Source localization

Source localization was performed to obtain the MMN and P300 generators in the brain across various modalities. The EEG data across all sensors were re-referenced with an average reference prior to source localization. Nineteen participants’ structural MRI data were resliced and segmented to identify the brain, skull, and scalp tissues. Two subjects’ MRI scans could not be obtained because of their incompatibility with the fMRI scanner. The origin (0,0,0) of all the T1 images was set to the anterior commissure. Participant-specific headmodel was computed using the OpenMEEG toolbox (Gramfort et al., 2010), using realistic conductivity values. The Polhemus data was imported to place the sensor locations on the head model of each participant. To obtain high accuracy of electrode positions, individual coregistration was employed by firstly visually marking the fiducials (nasion, left preauricular, and right preauricular) in the MRI volume and finally matching the marked points with the fiducial locations as per the Polhemus data.
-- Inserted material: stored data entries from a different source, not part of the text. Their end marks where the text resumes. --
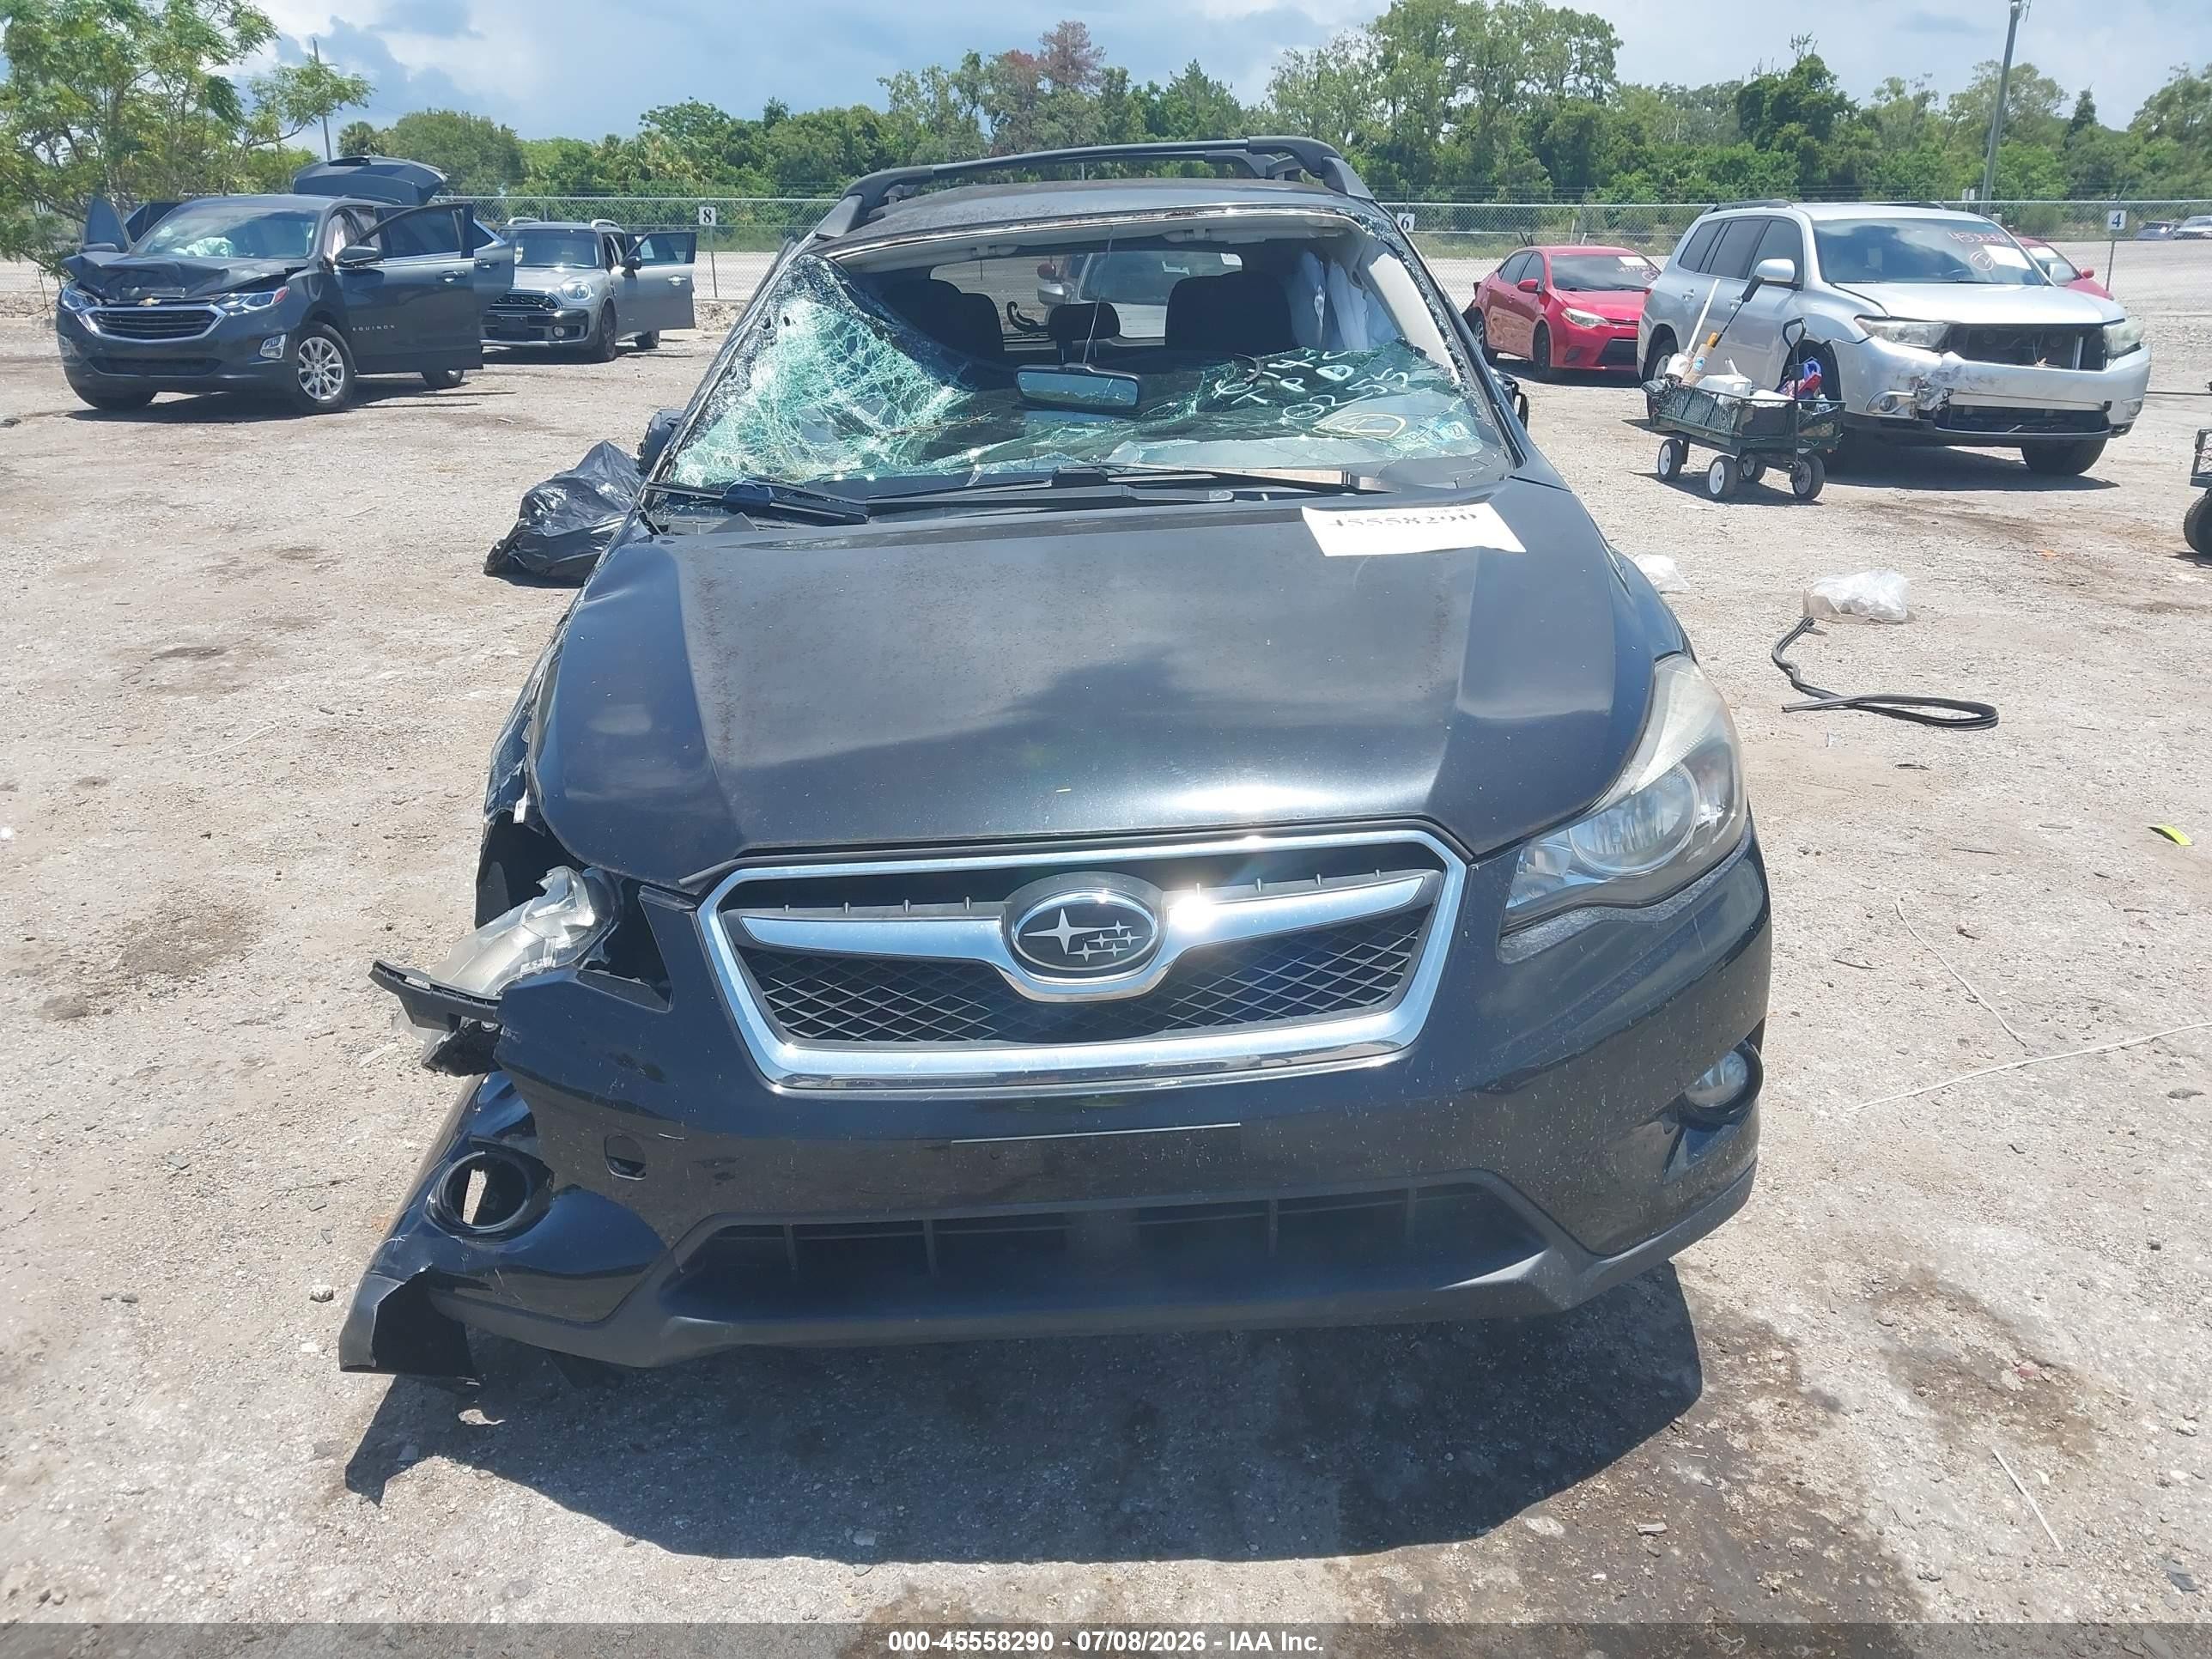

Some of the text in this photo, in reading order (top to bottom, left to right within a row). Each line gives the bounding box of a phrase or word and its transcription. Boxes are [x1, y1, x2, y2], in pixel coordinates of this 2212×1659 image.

[703, 209, 712, 223] 8
[1401, 215, 1410, 230] 6
[2112, 213, 2122, 228] 4
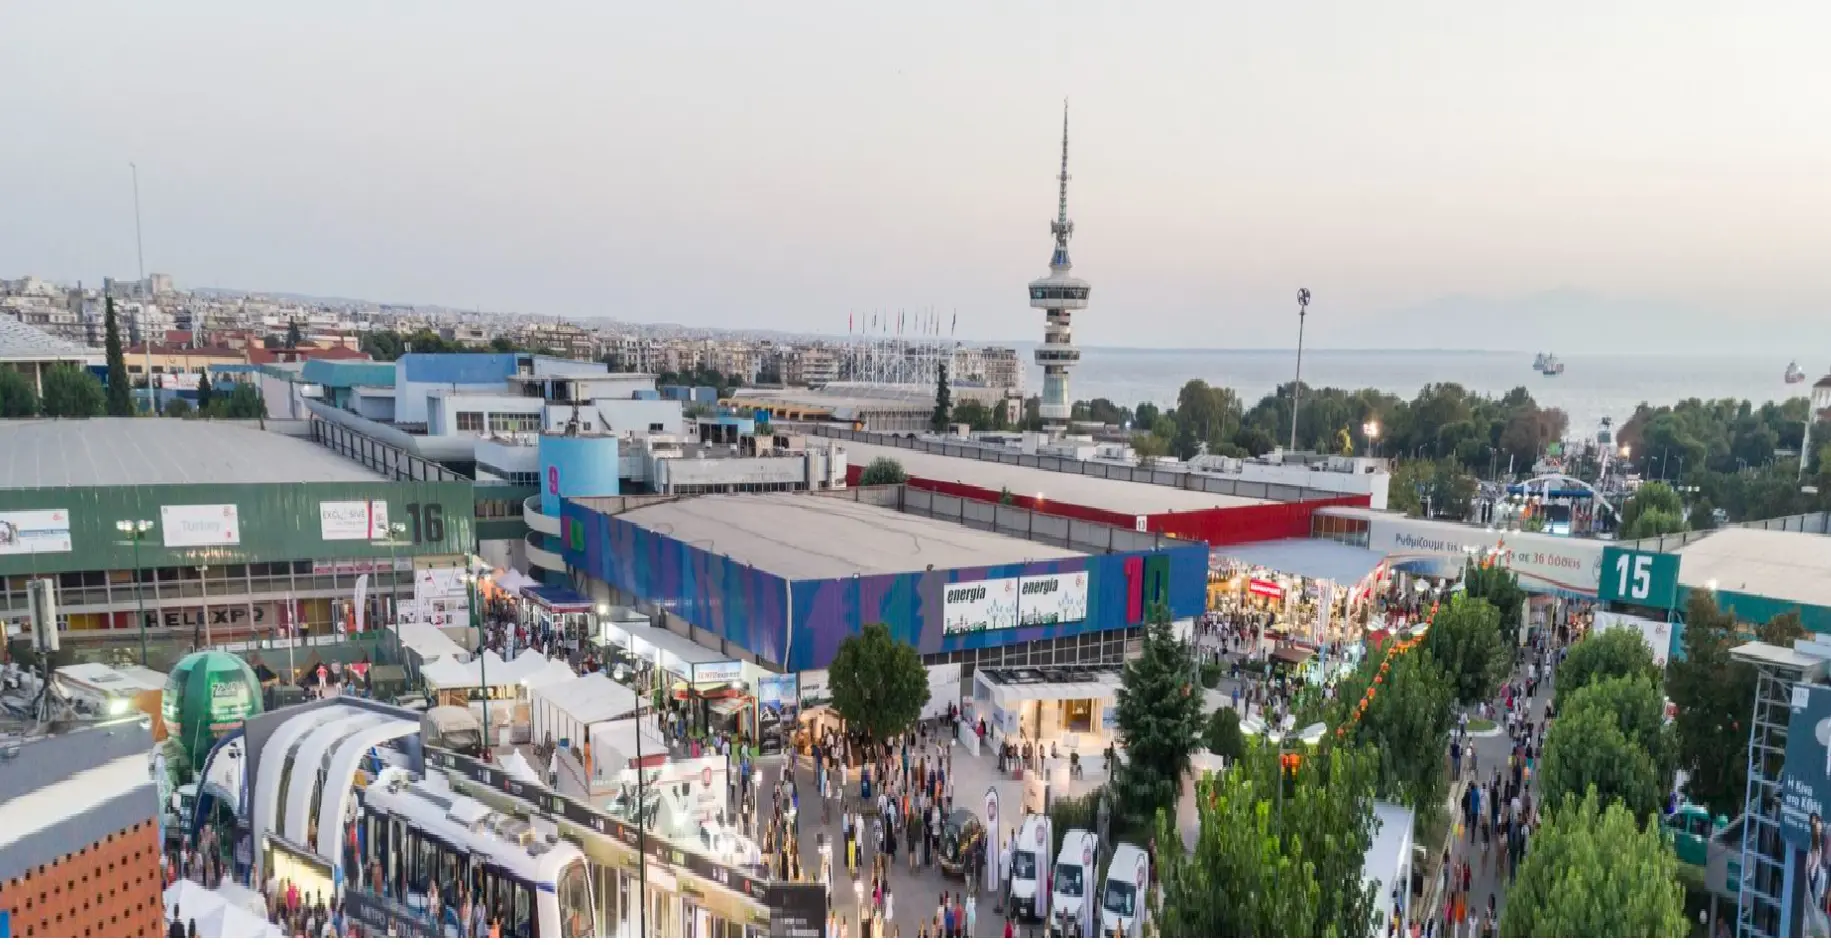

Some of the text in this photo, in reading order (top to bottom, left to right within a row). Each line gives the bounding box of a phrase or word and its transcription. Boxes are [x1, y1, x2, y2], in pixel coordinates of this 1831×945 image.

[548, 465, 559, 496] 9
[322, 508, 365, 521] EXCLSIVE
[406, 502, 444, 545] 16
[180, 520, 220, 532] Turkey
[1137, 519, 1146, 531] 13
[1532, 552, 1545, 565] 36
[1022, 578, 1058, 595] energia
[1616, 553, 1653, 600] 15
[947, 584, 986, 604] energia
[1123, 555, 1171, 626] 10
[145, 606, 265, 628] HELEXPO
Next, the sources were placed in the segmented part of the head model at a distance of 5 mm from each other and the leadfield matrix was computed i.e., a transfer function between each source point and each electrode. Source localization of each individual was performed using their respective headmodel, leadfield, and electrode positions. For the inverse solution, covariance across all EEG sensors was computed for each condition. eLORETA, belonging to a class of current density measures to calculate the distribution of neuronal sources, was used to solve the inverse problem (Pascual-Marqui, 2007). eLORETA also generates the least amount of false-positives; hence, it is beneficial for exploratory source analysis, for example, where prior hypotheses regarding approximate locations may not be available (Halder et al., 2019). Lambda of 0.1 was used as the regularization parameter for the localization of P300 and MMN ERPs. After localization, each individual's source intensities were interpolated to their respective MRI volume. Further, to calculate the grand average of the source values, the interpolated images were normalized to a common structural template. Finally, we subtracted the voxel intensities of oddball and standard categories and the voxels having intensities >99th percentile were thresholded. This was done separately for each condition and hemisphere.